Comments on the new Financial Ombudsman Authority

Assessing the new financial customer protection body in Spain

Fedea publishes an article by Professor Benito Arruñada (Univ. Pompeu Fabra) analysing the Government's proposal to create an "Independent Financial Ombudsman Authority" to resolve conflicts between institutions and their customers. The author is critical of some aspects of the proposal, which could create another bureaucracy with para-judicial functions, discouraging efficient conduct by the three parties involved (institutions, customers, and the Authority), by offering incentives to file more complaints. The author therefore suggests recommendations for improvement, especially regarding the Authority's funding system.

 Main highlights from the report:

  • Perhaps this is not the most efficient solution: Instead of reforming existing public bodies, a new one is created. From 3 to 4 public bodies with competences in the field of consumer protection. The new Customer Protection Authority will centralise in a single body the three complaints services currently run by the Bank of Spain, the National Stock Exchange Commission and the General Insurance and Pension Funds Authority. The resolutions will be binding for institutions in certain claims of less than 20,000 euros or of undetermined amount, although they may be appealed before the contentious-administrative jurisdiction. According to the author, for example, before creating or strengthening these bureaucracies with para-judicial functions, it would be advisable to review the organisation (staffing, fees, professional career) of the judicial system itself, with a view to improving its efficiency in conflict resolution.

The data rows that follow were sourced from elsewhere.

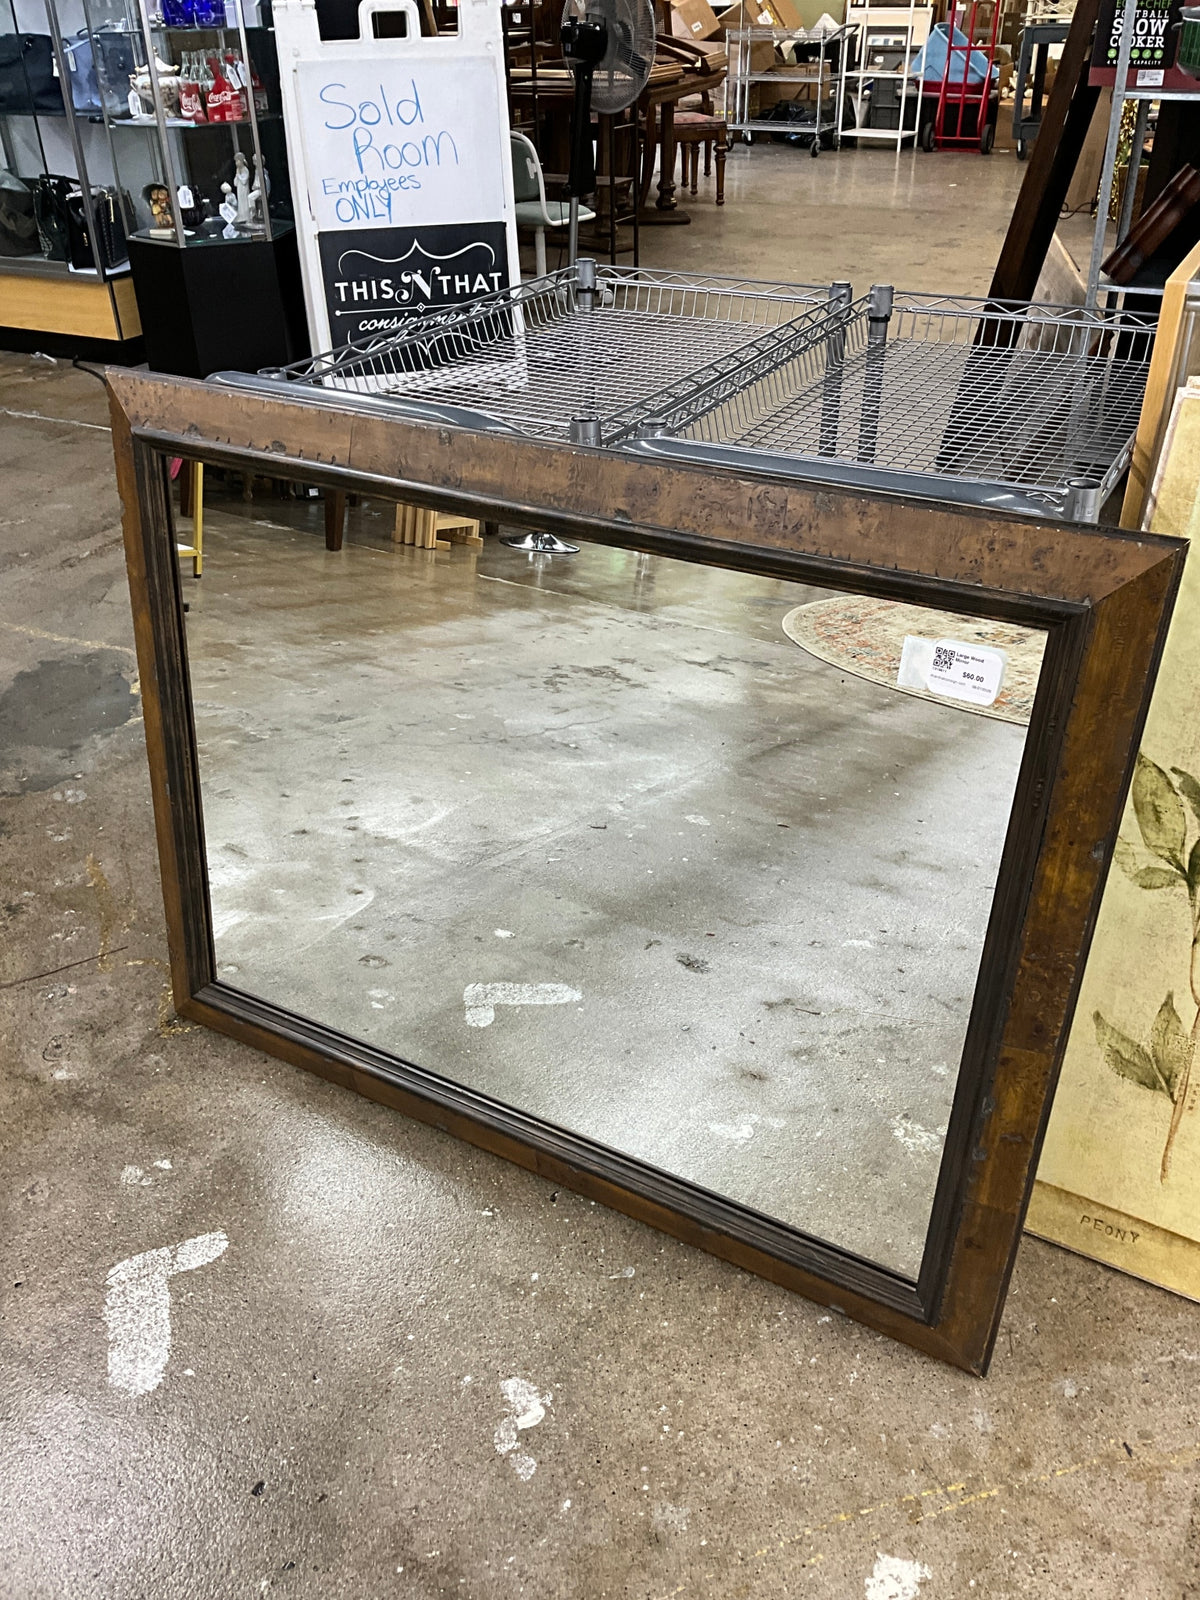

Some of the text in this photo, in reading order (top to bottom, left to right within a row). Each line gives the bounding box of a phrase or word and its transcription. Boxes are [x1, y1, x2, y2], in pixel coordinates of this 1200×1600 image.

[1112, 18, 1169, 35] SOW
[319, 79, 424, 130] Sold
[353, 127, 459, 174] Room
[335, 192, 392, 224] ONLY
[334, 266, 502, 304] THIS N THAT
[962, 672, 984, 682] $60.00
[1080, 1215, 1140, 1243] PEONY

  • The Authority's funding design could incentivise the submission of complaints. On the one hand, the Authority will be financed by an annual fee based on the volume of complaints, which will be charged to each institution on a pro-rata basis: 40% of the costs based on the weight of the institution's complaints resolved in the financial sector and 60% based on the weight of the institution's complaints against it in the sector. On the other hand, by not charging any fee to the complainant, it incentivises the client not to desist in their claims, as well as to file frivolous claims, so that the institutions and, ultimately, the majority of their clients will be subsidising the most opportunistic clients and the mass litigation industry.

  • Proposals to improve the funding system to encourage efficient conduct by the parties involved:
  1. To abandon automatic apportionment of costs, in favour of budgeting of the new Authority body, linked to the achievement of objectives.  
  2. To pass the fee on to the customer when the complaint is rejected, or charge a fee for the submission of complaints.
  3. To link the fee to the difference between the number of unfavourable and favourable decisions of each institution to incentivize an amicable settlement.
  4. To link the amount of the fee to the amount and complexity of complaints.